Tariq Rauf, second from left
The official is identified only by his Russian code name, ARTHUR, but other sources identified him as Tariq Rauf, 54, a Pakistani-born Canadian who is chief of verification and security-policy coordination at the International Atomic Energy Agency (IAEA).
The job “puts him in direct contact with both inspectors and countries around the globe,” a Canadian online magazine reported last year. “Rauf is responsible for ensuring IAEA scientists get into countries such as Iran and negotiating the access they need to completely verify the use of nuclear material.”
The allegations appear in “Comrade J: The Untold Secrets of Russia’s Master Spy in America After the End of the Cold War” by former Washington Post reporter Pete Earley, author of two previous books on Russian spying in the United States.
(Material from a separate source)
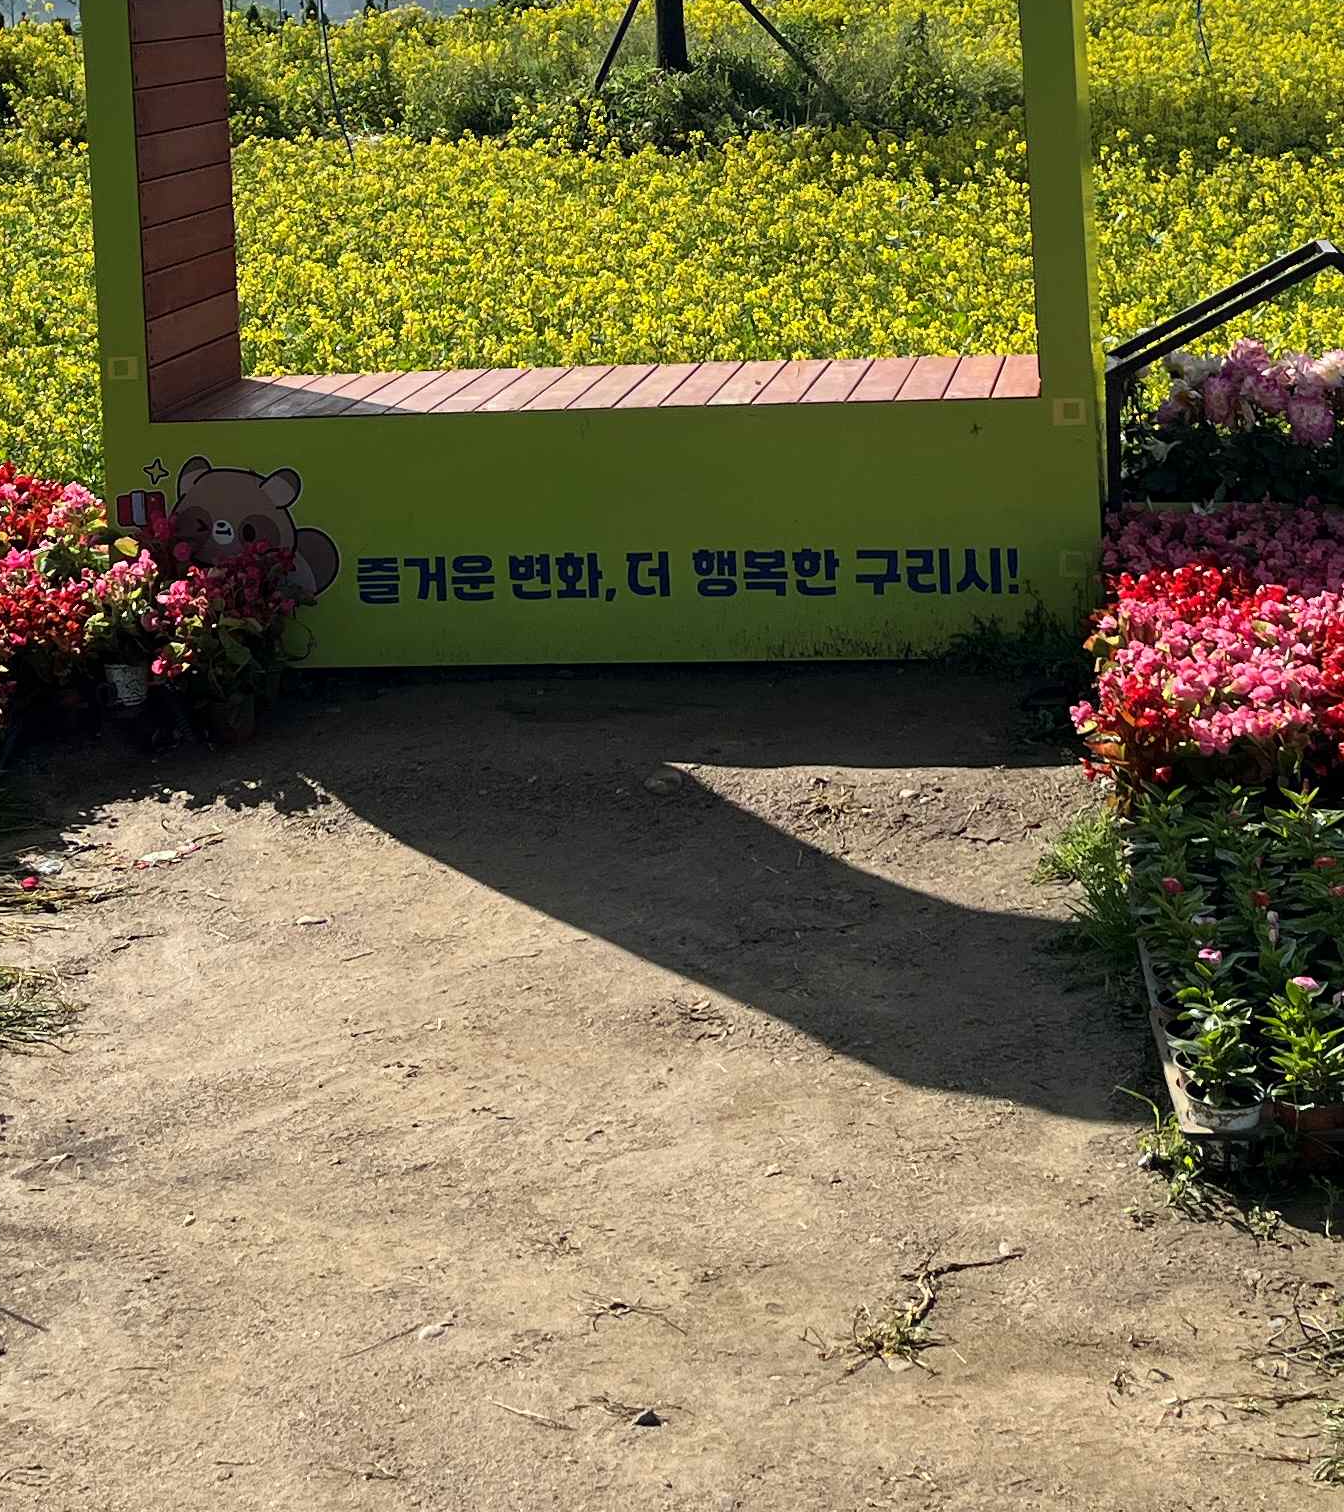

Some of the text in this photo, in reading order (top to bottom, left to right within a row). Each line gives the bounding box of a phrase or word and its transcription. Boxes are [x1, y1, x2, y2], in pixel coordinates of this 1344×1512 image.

[356, 547, 1020, 605] 즐거운 변화, 더 행복한 구리시!
The book amounts to a blistering memoir by Sergei Tretyakov, a former top Russian intelligence operative stationed in New York and Canada during the 1990s, first with the communist-era KGB and then its successor, the SVR.
Rauf called Tretyakov’s allegation “nonsense.”
He had “never” worked “for any intel types whatsoever. I am a impartial loyal international civil servant,” he said by e-mail from the IAEA’s headquarters in Vienna on Friday.
But in the first of two telephone conversations earlier in the day, Rauf was far less dismissive, declining an opportunity to flatly deny the allegations. He refused to say whether he knew or had ever met Tretyakov, who worked under diplomatic cover.
“Comrade J” describes several other alleged Russian spies in Canada only by code name, but in such rich detail that it’s not hard to figure out who they are.
Tretyakov’s description of ARTHUR all but names Rauf as his spy.
“When Sergei had recruited ARTHUR [in 1990],” Earley writes, “he worked at the Canadian Centre for Arms Control,” a think tank for experts on nuclear weapons.
Later, ARTHUR was “a project director at the Center for Nonproliferation Studies, part of the Monterey Institute of International Studies, a California think tank,” he relates.
A few years later, when Tretyakov became deputy chief of Russian intelligence in New York, he renewed his relationship with ARTHUR, who had become “a U.N. senior verification expert,” who specialized in the clandestine weapons programs of “rogue states” such as Iran, Libya and his native Pakistan.
“I know that he is still employed at the agency and I have no reason to believe he has stopped working for Russian intelligence,” the one-time master spy says in the book.
“He hated America.”
Rauf’s résumé is identical to Tretyakov’s description of ARTHUR’S career. They are one and the same, according to multiple sources.
A former Russian diplomat and arms control specialist who knew Tretyakov well in New York, reviewed the description of ARTHUR and said it appeared to describe Rauf.
“The fingered Canadian guy, well, you know only too well who could theoretically fit this reference,” he said on condition of anonymity.
Another former Monterey arms expert, when asked whether Rauf might be the spy code-named ARTHUR, said, “Yes, the name you provided is correct.”
When contacted for this story, Rauf said a Canadian newspaper reporter had presented him with the same allegations days earlier.
He said he had not decided whether to contest the allegations in court.
Author Earley said he had examined Tretyakov’s records — photographs, e-mail, even a restaurant napkin on which ARTHUR scribbled notes about Ukrainian missiles — to back up every allegation.
“If they want to sue us, fine,” said Earley of all the Canadians that Tretyakov describes as spies. “We’ll just run Sergei up there with our stuff and see what happens.”